***** Supplied records *****

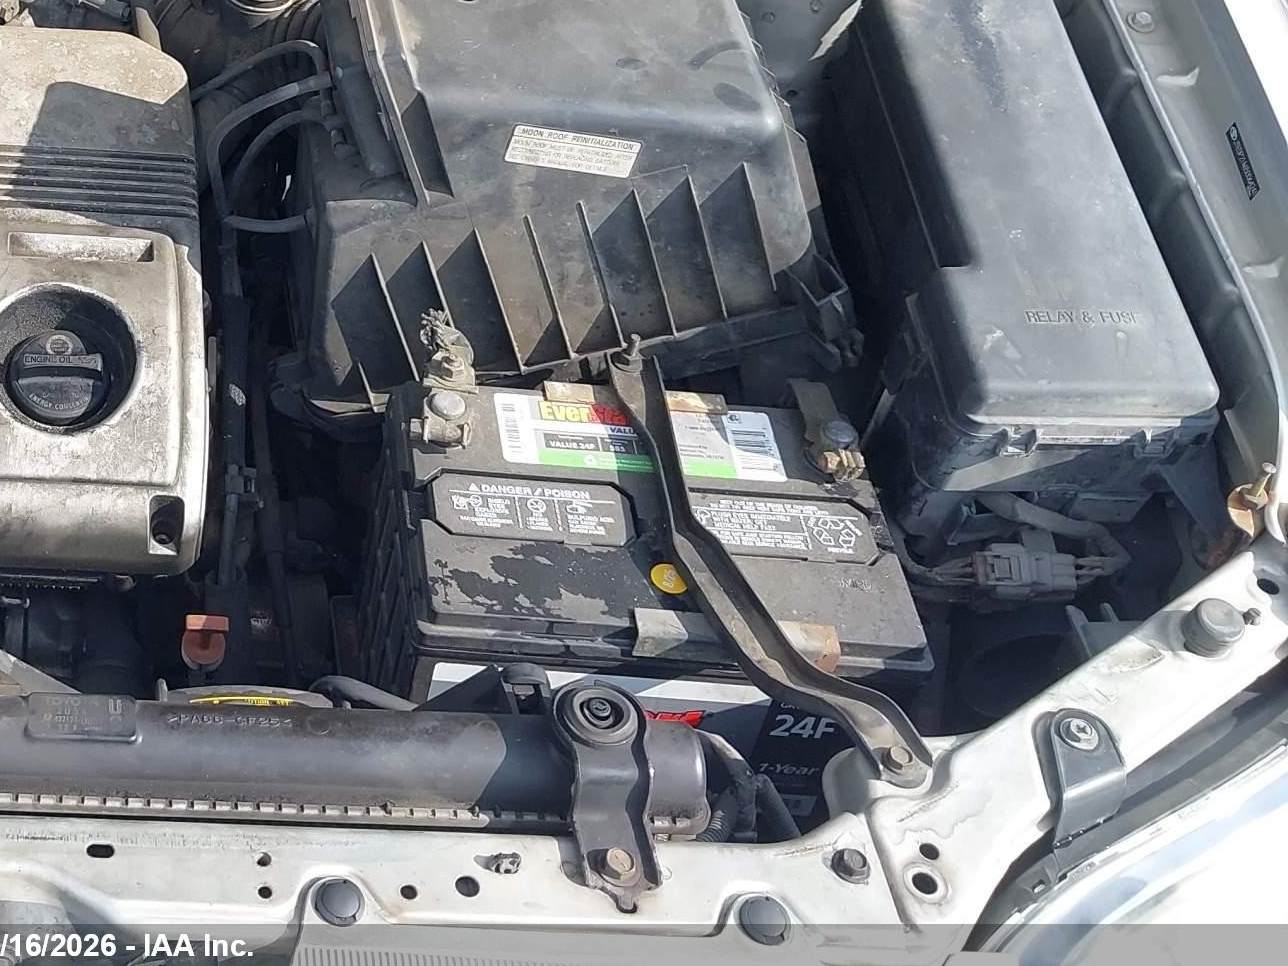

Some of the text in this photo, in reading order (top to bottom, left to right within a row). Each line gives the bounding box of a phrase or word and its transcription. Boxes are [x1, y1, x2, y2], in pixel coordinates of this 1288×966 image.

[521, 128, 634, 150] MOON ROOF REINITIALIZATION
[1025, 310, 1073, 323] RELAY
[1080, 310, 1094, 324] &
[58, 355, 73, 364] OIL
[28, 393, 53, 409] ENERGY
[548, 440, 578, 449] VALUE
[481, 484, 534, 496] DANGER
[545, 489, 590, 500] POISON
[769, 714, 838, 739] 24F
[759, 762, 819, 776] 1-Year

*****

- [Exercise goal] The finished copy should match the data above word for word and contain no pictures.

- [Written reply]
Some of the text in this photo, in reading order (top to bottom, left to right within a row). Each line gives the bounding box of a phrase or word and its transcription. Boxes are [x1, y1, x2, y2], in pixel coordinates of this 1288×966 image.

[521, 128, 634, 150] MOON ROOF REINITIALIZATION
[1025, 310, 1073, 323] RELAY
[1080, 310, 1094, 324] &
[58, 355, 73, 364] OIL
[28, 393, 53, 409] ENERGY
[548, 440, 578, 449] VALUE
[481, 484, 534, 496] DANGER
[545, 489, 590, 500] POISON
[769, 714, 838, 739] 24F
[759, 762, 819, 776] 1-Year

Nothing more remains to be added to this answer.